Fortunately, I have not sabotaged myself and don’t have plans to undermine my success. It used to be that I fulfilled my own prophesy. Bad things will happen, I used to think, and they’re going to happen to me, so I better just make them happen and swallow my medicine. I acted in ways that pushed the plunger before someone else did it for me.

But from the looks of it right now, we have joined the middle class in a time when that portion of the American population is shrinking. As long as Virginia keeps her job and I do my little bit to make something of an income from speaking engagements and teaching, we will remain on top. I get to write seemingly unfettered. But writing, my true love, doesn’t do a damn thing for the family pocketbook.

As I write, I’m beginning to think that maybe I am subverting my success. The last eight or nine months, I’ve woken in the morning without much will to do anything at all. I find myself walking around my house wringing my hands, wondering what to do next. I waste time, fill the empty hours with staring off into space, doing nothing productive. I wonder if, at the age of 53, I’m doomed to a life of low energy and apathy.

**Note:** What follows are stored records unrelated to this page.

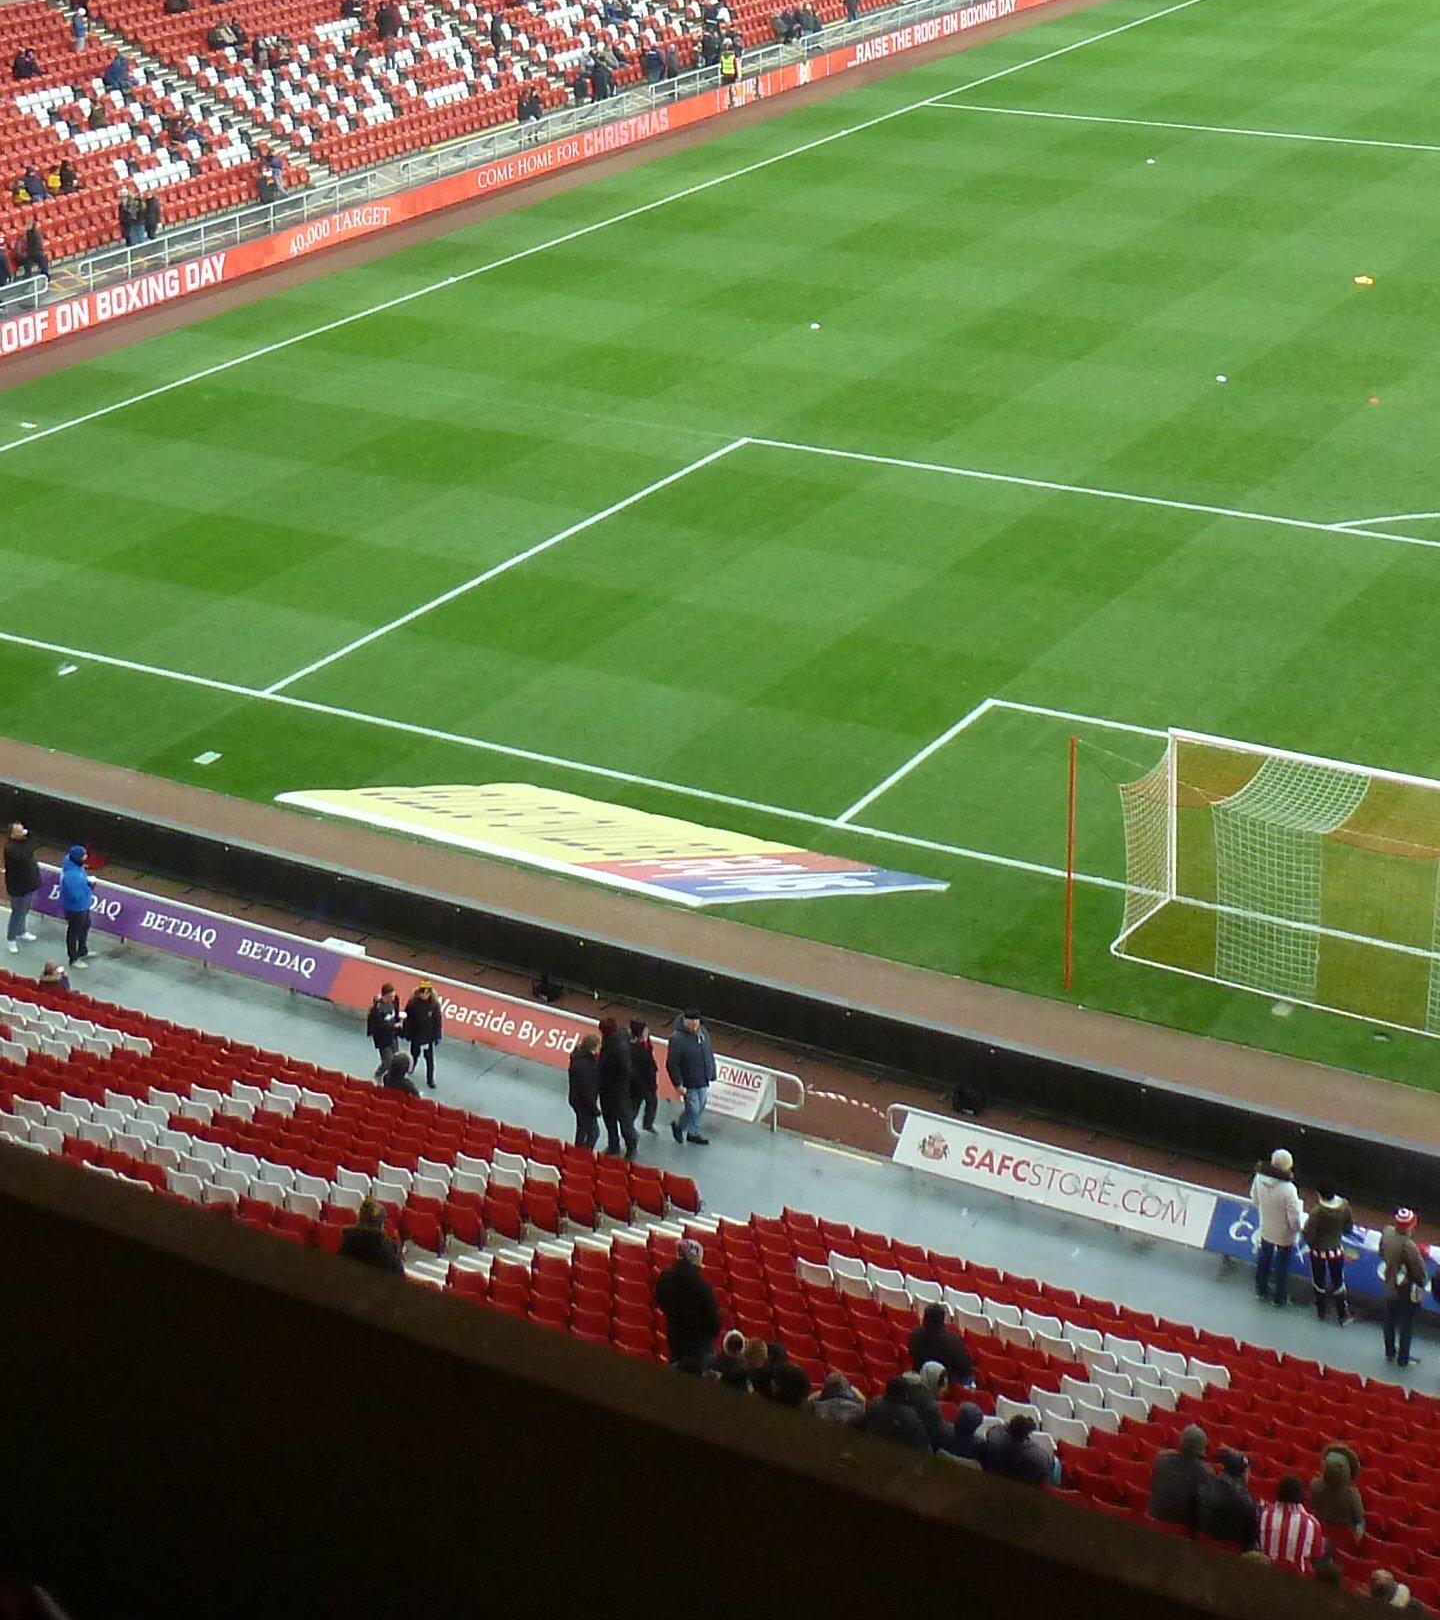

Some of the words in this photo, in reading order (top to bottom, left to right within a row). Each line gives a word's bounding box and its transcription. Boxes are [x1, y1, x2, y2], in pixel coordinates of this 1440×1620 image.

[890, 29, 913, 53] THE
[913, 18, 941, 45] ROOF
[943, 10, 960, 34] ON
[960, 0, 998, 30] BOXING
[477, 163, 515, 188] COME
[518, 151, 554, 175] HOME
[557, 140, 580, 160] FOR
[583, 107, 669, 157] CHRISTMAS
[290, 219, 331, 256] 40,000
[332, 207, 391, 233] TARGET
[55, 297, 90, 334] ON
[96, 268, 180, 321] BOXING
[184, 252, 226, 291] DAY
[141, 910, 217, 950] BETDAQ
[237, 938, 316, 979] BETDAQ
[518, 1020, 544, 1048] By
[545, 1028, 582, 1054] Sid
[718, 1065, 763, 1089] RNING
[961, 1144, 1188, 1228] SAFCSTORE.COM

Every day, I resolve to myself to get moving, to do something that will increase my output. Write another essay. Query more agents. Rewrite the manuscript. Something, anything to keep this sense of futility and unproductiveness from eating up another day.

And each day, it’s the same. Life goes on around me. I fulfill the functions of a stay-at-home dad. The dishes are always clean. The rugs get vacuumed. My son gets his share of dad time. We have clean clothes.

But I get up late and do not mend harness. The basement’s a mess, but I hardly have the energy to think about it. The mess isn’t going anywhere. The yard’s mowed at fairly reasonable intervals. The hut in the backyard needs its roof and floor fixed, but it’s sort of like the basement. Those repairs will be there when, in a burst of energy, I will get them done in the hour and some it will take. The garden needs my attention, and once or twice a week, I dribble water on the roots of the tomato and pepper plants. I haven’t been a good gardener, however. Not even adequate.

Is it age? I wonder. I think of all the people my age who keep jobs, have hobbies, write magnificent things. I envy them. I wish I had the drive. But, for the moment, it is gone. I think sometimes my best days are behind me.

I sound too much like a depressed, superattenuated elderly American male whose ambitions fail. But I see possibilities. I am doing something every day, even if that something doesn’t fill the whole day. When I go to bed at night and review the day, I understand that I could have been reading, an activity that never wastes time. I should take up my camera and take pictures again.

And I get up in the morning, assuring myself that I will do something useful during the coming day. I read the newspaper and drink my tea. Then I pick up the computer and tend to my class responsibilities, check the E-mail (or lack of it). I query a few agents, look at my manuscript, and write an essay. All is not lost, I think. I produce something, even if it’s cleaning the bathroom.

I also know that soon things will break. I am getting sick of myself. I am feeling trapped and useless. In the past, I always packed a bag, changed a job, moved on to something completely different. That time is coming soon. I am not in a position to take up a backpack and head for foreign territories. The change will have to happen within the paradigm of being a worker and a father.

I don’t know what the change will be. Maybe I will finally get the discipline to write one of these essays every day. Maybe something negative will take place and I’ll find myself in the comfortable spot of having to deal with disaster.

My heart skips a little when I think of it. Change will put life on a whole new course. I just have to wait it out. It will happen. Happiness is on the way.

I keep buying lottery tickets, about one every two weeks, just in case.